--- Material for the task ---
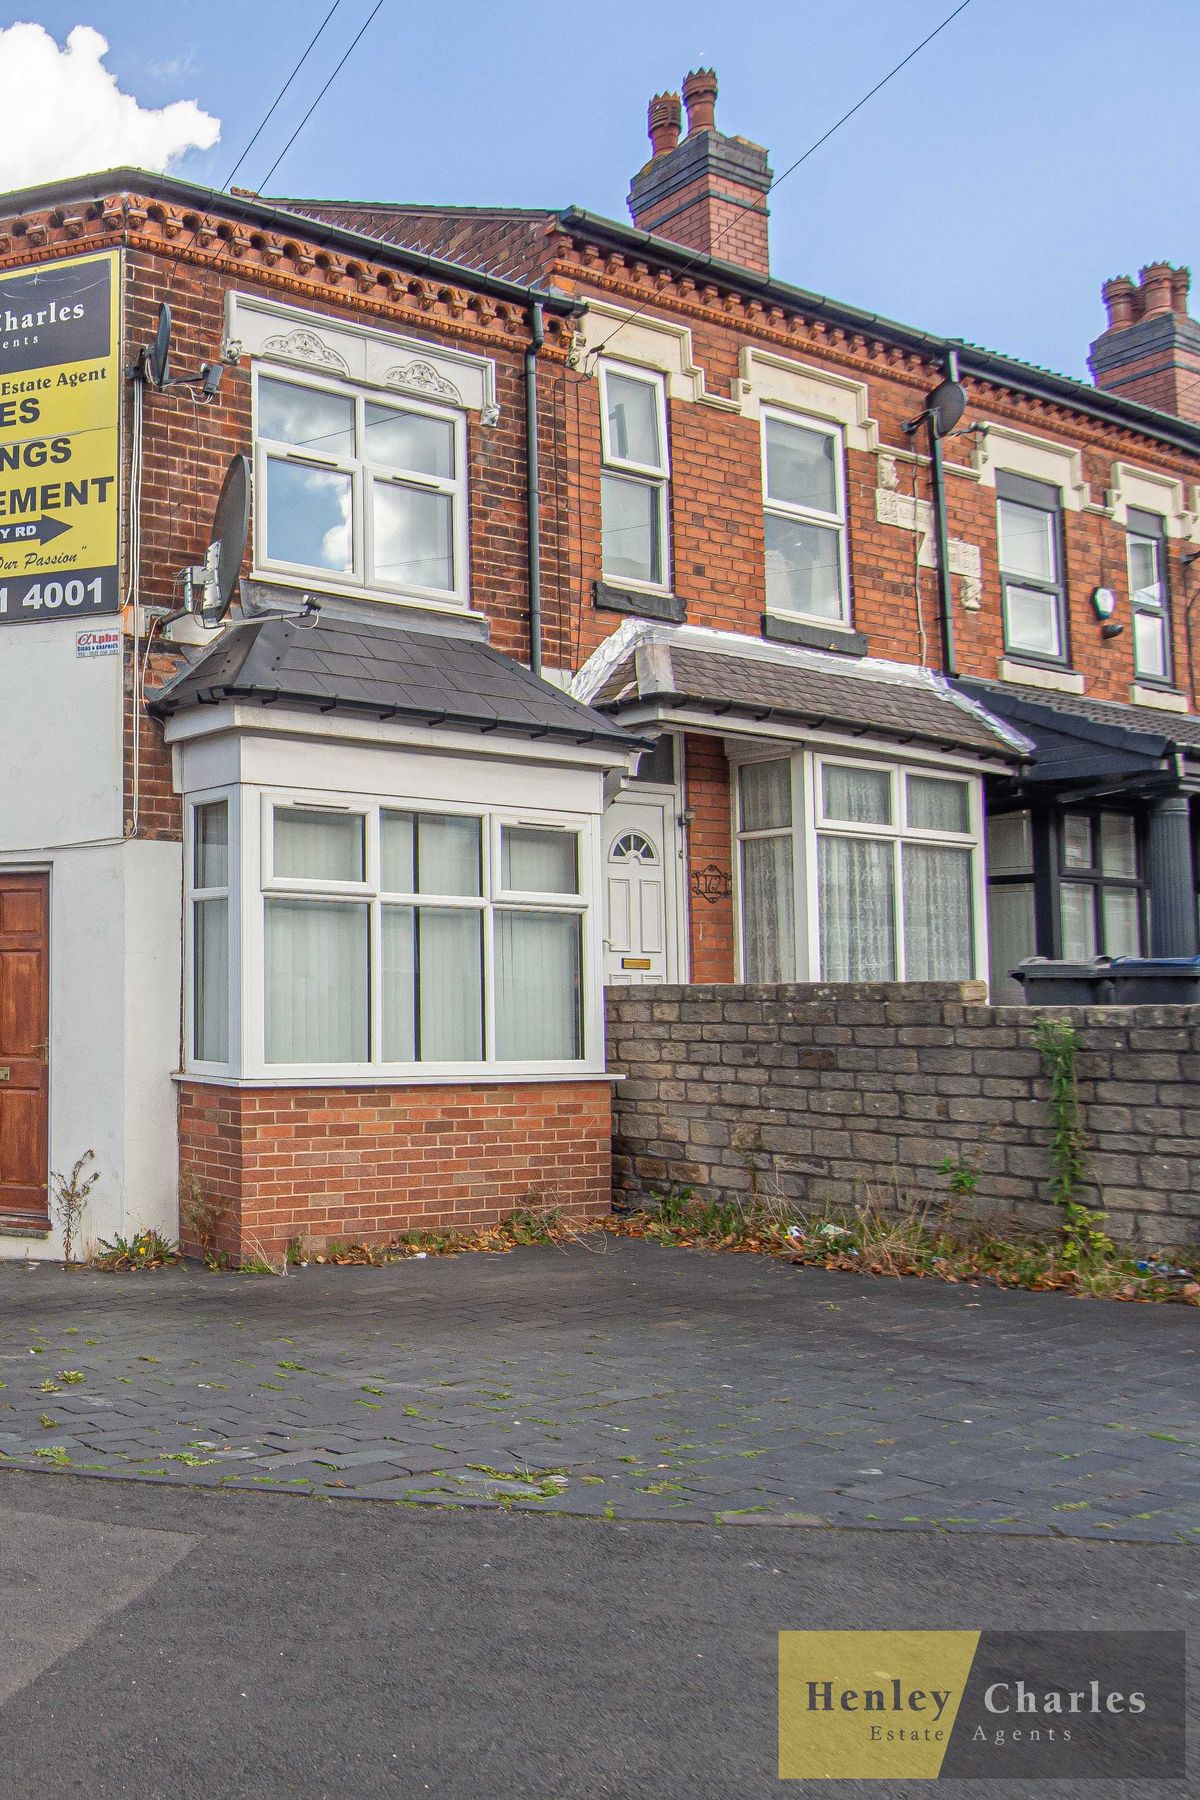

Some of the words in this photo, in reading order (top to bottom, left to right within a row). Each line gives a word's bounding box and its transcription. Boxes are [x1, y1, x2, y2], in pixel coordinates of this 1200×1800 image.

[1, 377, 52, 396] Estate
[56, 367, 107, 388] Agent
[15, 524, 37, 537] RD
[22, 577, 102, 611] 4001
---
Problem details
Give back each of the records above word for word, apart from the pictures.

Result for this exercise
Some of the words in this photo, in reading order (top to bottom, left to right within a row). Each line gives a word's bounding box and its transcription. Boxes are [x1, y1, x2, y2], in pixel coordinates of this 1200×1800 image.

[1, 377, 52, 396] Estate
[56, 367, 107, 388] Agent
[15, 524, 37, 537] RD
[22, 577, 102, 611] 4001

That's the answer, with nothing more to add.